Home

Latest Article

Luke 9:14 Make them sit down by fifties in a company.
KJV Verse:

Luke 9:14 Make them sit down by fifties in a company.

Greek Verse:

Κατακλίνατε αὐτοὺς κλισίας ὡσεὶ ἀνὰ πεντήκοντα.

Literal Alternative:

Make them lay down as part of a seating of about up to fifty. 

Hidden Meaning:

This verse uses a lot of words that are uncommon for Jesus. 

The verb translated as "make sit down" means "to lay down", "cause to incline", "bend downwards", "lay prostrate", and with dative, "overthrow",  " to be set under", and  "made subject to." It is not a common word for Jesus to use to mean "sit", but it refers specifically sitting down for a meal. 

The word translated as "them" is the Greek word commonly translated as pronouns in English, but it has a few shades of meaning our pronouns do not have. The word technically means "the same".

An untranslated (in the KJV) word appears here in the Greek meaning "about". 

"By" is from an uncommon prepositions that means on board (a ship),"  "upon," of Place: "up", "from bottom to top", "up along," of Time, "throughout," and, metaphorically, "continually in", "in," and "among." The sense here is "up to". 

"Fifty" is the number fifty. 

Another uncommon word is translated as "in a company". It means "a place of sitting or laying down", but like word "seating" in English, it refers to a group of diners. It is in a form that is normally used as the possessive, but here indicates a part, "as part of as seating". 

 

 

Vocabulary:

Κατακλίνατε [uncommon](verb 2nd pl aor imperat act) "Make sit down" is kataklino, which means "to lay down", "cause to incline", "bend downwards", "lay prostrate", and with dative, "overthrow",  " to be set under", and  "made subject to."

αὐτοὺς (adj pl masc acc) "Them" is autos, which means "the same," and the reflexive pronouns, "myself", "yourself", "himself", "herself", "itself," or the oblique case of the pronouns, "him", "her," and "it." It also means "one's true self," that is, "the soul" as opposed to the body and "of ones own accord."

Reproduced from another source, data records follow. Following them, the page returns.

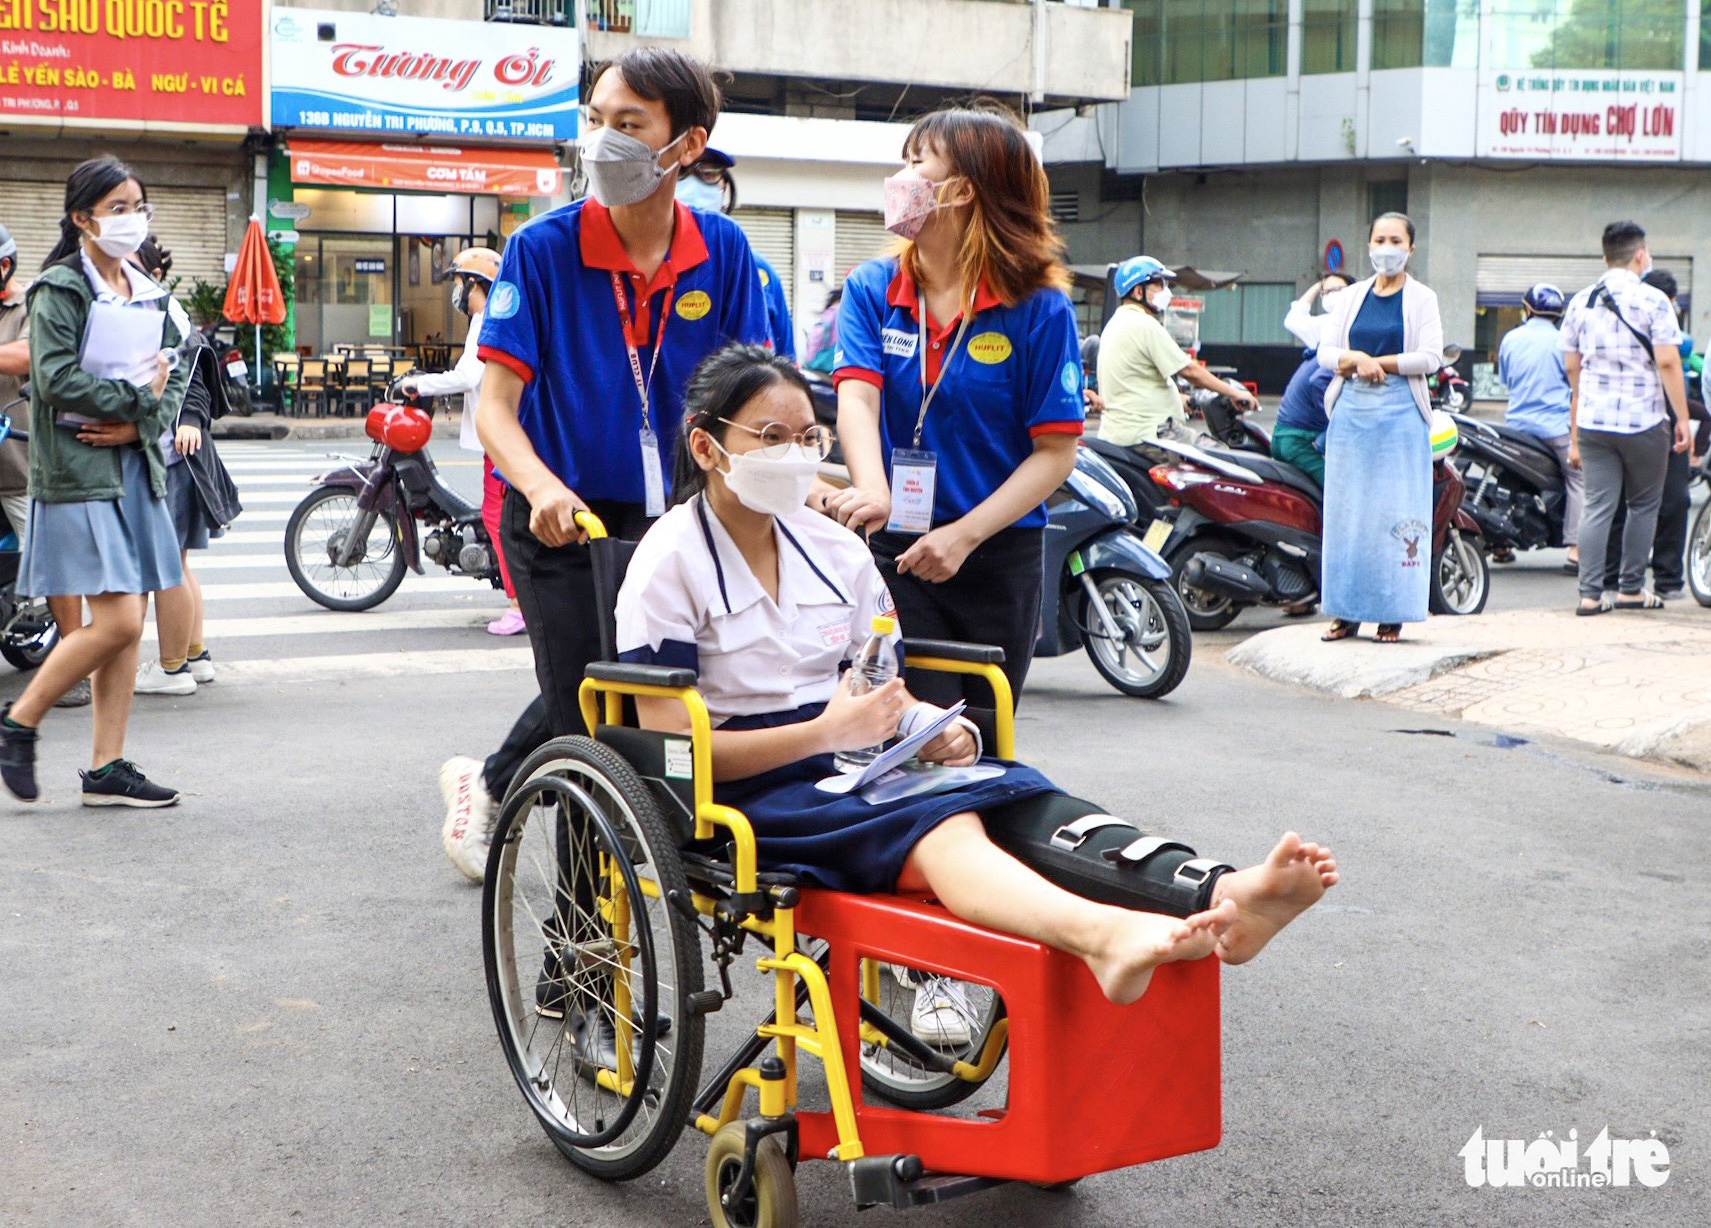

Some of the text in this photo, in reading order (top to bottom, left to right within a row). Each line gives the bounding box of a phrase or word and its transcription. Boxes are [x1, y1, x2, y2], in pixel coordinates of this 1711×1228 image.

[23, 62, 60, 86] YẾN
[64, 66, 99, 88] SÀO
[112, 67, 136, 91] BÀ
[200, 76, 218, 95] VI
[222, 74, 246, 97] CÁ
[331, 43, 482, 92] Tương
[384, 114, 404, 130] TRI
[1561, 113, 1600, 141] DỤNG
[1606, 102, 1638, 143] CHỢ
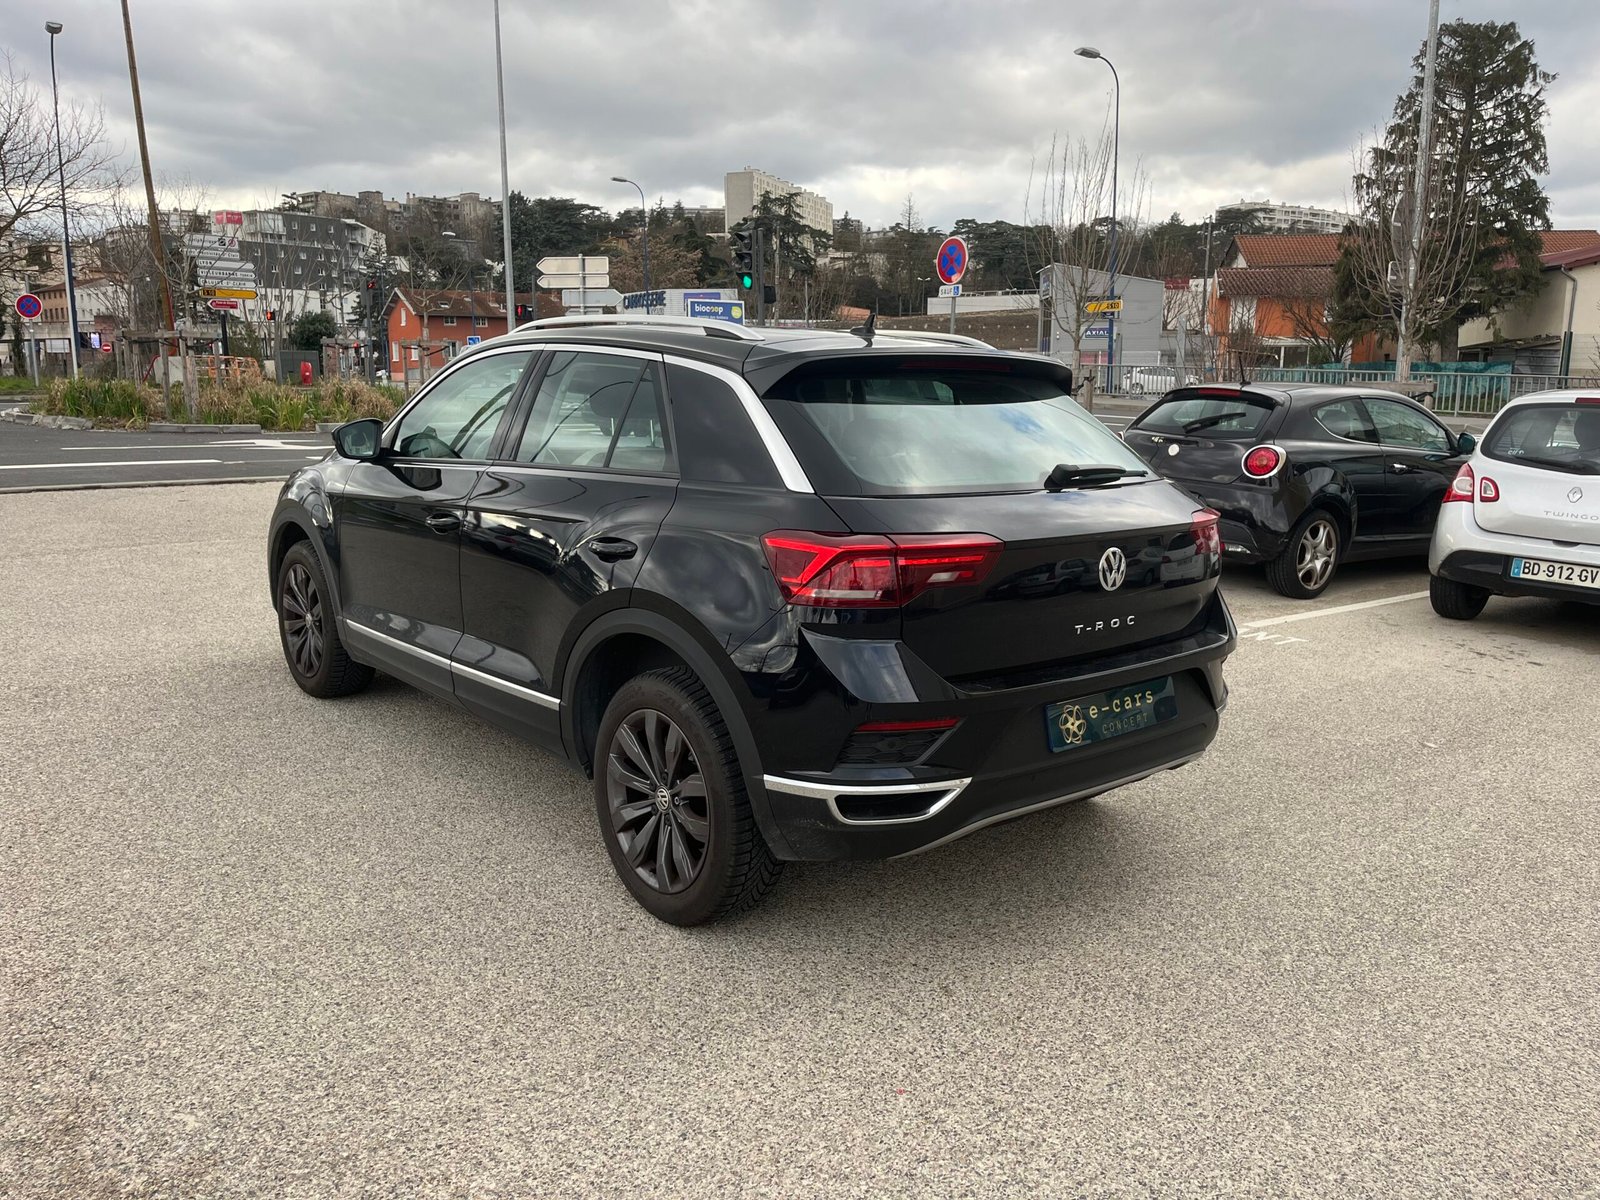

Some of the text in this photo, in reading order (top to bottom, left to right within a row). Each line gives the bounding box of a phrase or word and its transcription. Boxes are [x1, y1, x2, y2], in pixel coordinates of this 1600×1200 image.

[940, 287, 953, 296] SAUF
[694, 303, 724, 315] biocoop
[1544, 510, 1599, 521] TWINGO
[1074, 615, 1135, 635] T-ROC
[1089, 690, 1154, 719] e-cars
[1102, 713, 1148, 734] CONCEPT

κλισίας [uncommon] (noun sg fem gen) "In a company" is klisia, which means "a place for lying down or reclining", "anything for lying or sitting upon," a "couch for reclining at a table", "nuptial bed," and a "company" of people reclining at meals.

 ὡσεὶ [uncommon] (adv)  Untranslated is hosei, which means "as if", "as though" and, with various measures, "about". 

ἀνὰ [uncommon](prep) "Each"  is ana, which is a preposition that means, with the genitive: "on board (a ship)," with the dative: "on", "upon," without any notion of motion; with the accusative: of Place: "up", "from bottom to top", "up along," of Time, "throughout," and, metaphorically, "continually in", "in," and "among."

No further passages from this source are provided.